Data:
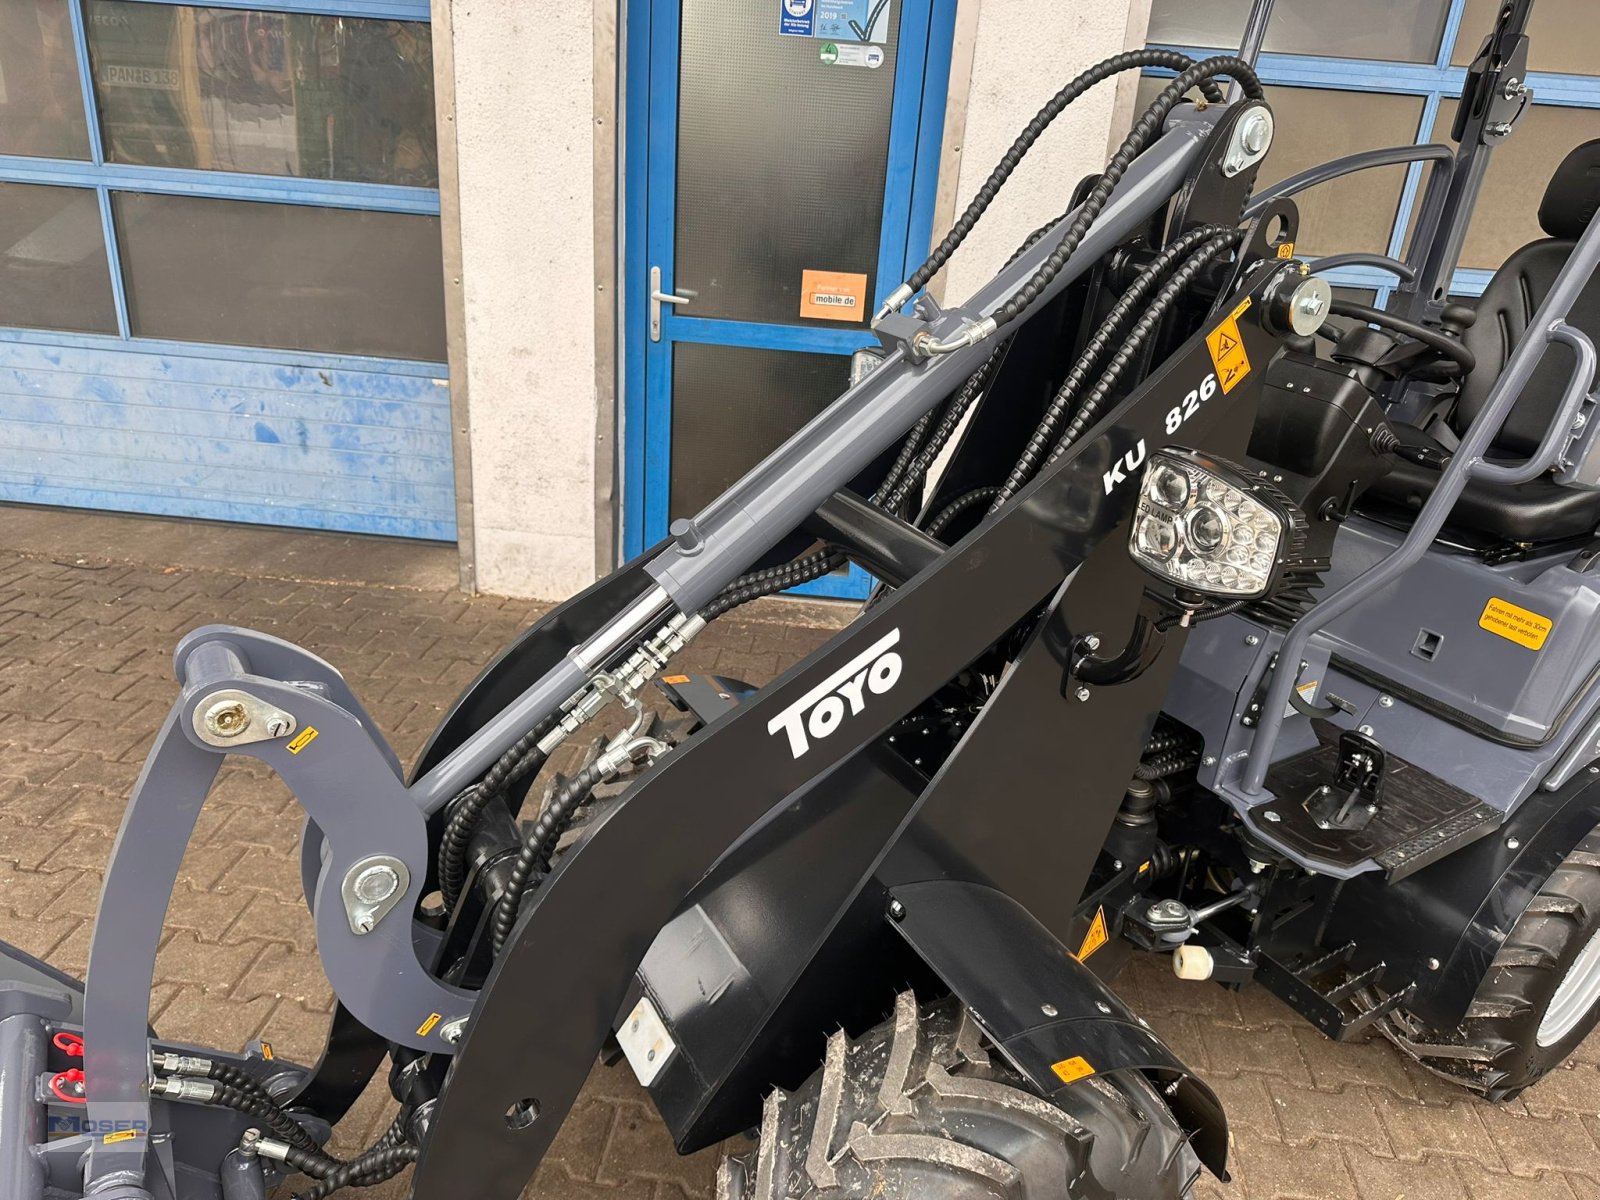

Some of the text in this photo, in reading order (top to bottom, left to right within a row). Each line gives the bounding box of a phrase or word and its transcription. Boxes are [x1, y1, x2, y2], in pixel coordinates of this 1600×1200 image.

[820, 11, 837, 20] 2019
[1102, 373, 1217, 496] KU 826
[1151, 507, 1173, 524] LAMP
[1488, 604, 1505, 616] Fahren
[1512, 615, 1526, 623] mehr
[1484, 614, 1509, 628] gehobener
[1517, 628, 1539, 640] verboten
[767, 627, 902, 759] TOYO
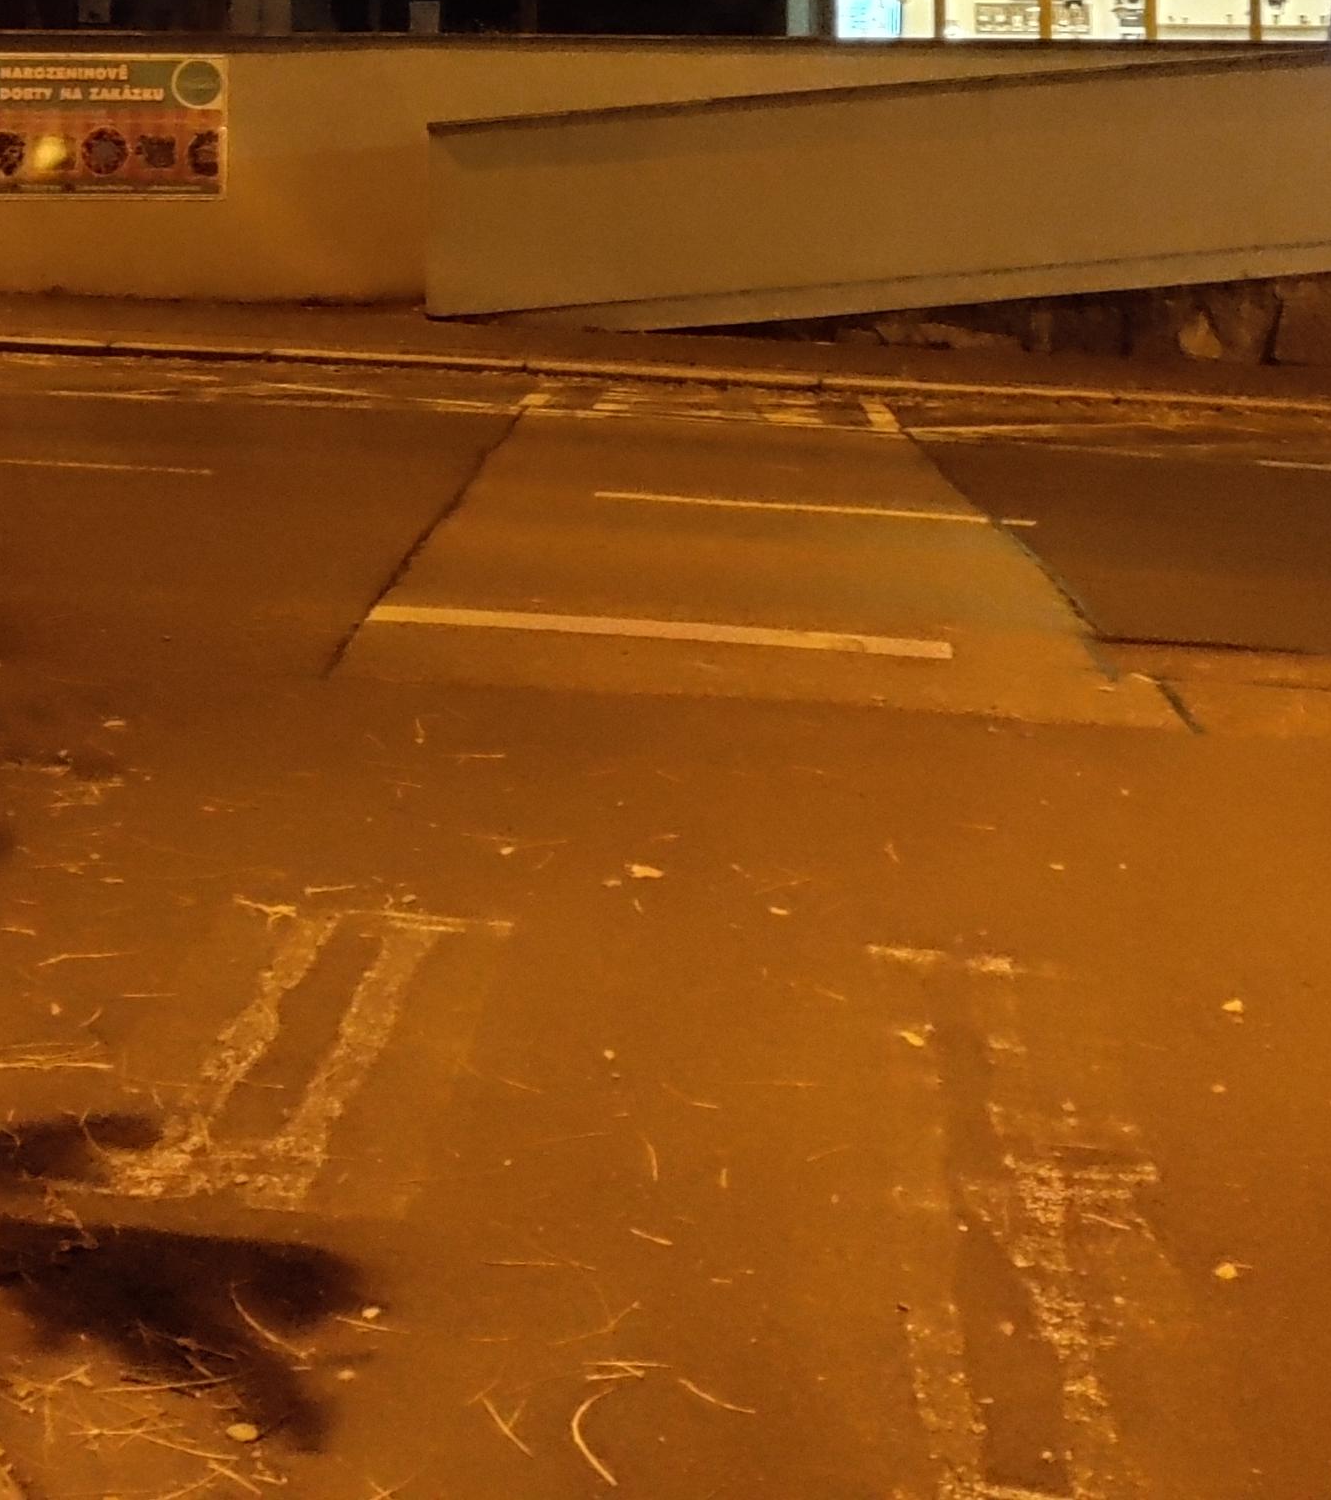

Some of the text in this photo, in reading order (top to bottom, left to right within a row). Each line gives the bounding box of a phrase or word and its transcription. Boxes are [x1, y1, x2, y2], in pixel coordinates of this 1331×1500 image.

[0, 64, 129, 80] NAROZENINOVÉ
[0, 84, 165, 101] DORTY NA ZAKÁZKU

Task goal: The job here is to write out the records exactly, pictures excluded.

Exercise response:
Some of the text in this photo, in reading order (top to bottom, left to right within a row). Each line gives the bounding box of a phrase or word and its transcription. Boxes are [x1, y1, x2, y2], in pixel coordinates of this 1600×1200 image.

[820, 11, 837, 20] 2019
[1102, 373, 1217, 496] KU 826
[1151, 507, 1173, 524] LAMP
[1488, 604, 1505, 616] Fahren
[1512, 615, 1526, 623] mehr
[1484, 614, 1509, 628] gehobener
[1517, 628, 1539, 640] verboten
[767, 627, 902, 759] TOYO

Some of the text in this photo, in reading order (top to bottom, left to right within a row). Each line gives the bounding box of a phrase or word and its transcription. Boxes are [x1, y1, x2, y2], in pixel coordinates of this 1331×1500 image.

[0, 64, 129, 80] NAROZENINOVÉ
[0, 84, 165, 101] DORTY NA ZAKÁZKU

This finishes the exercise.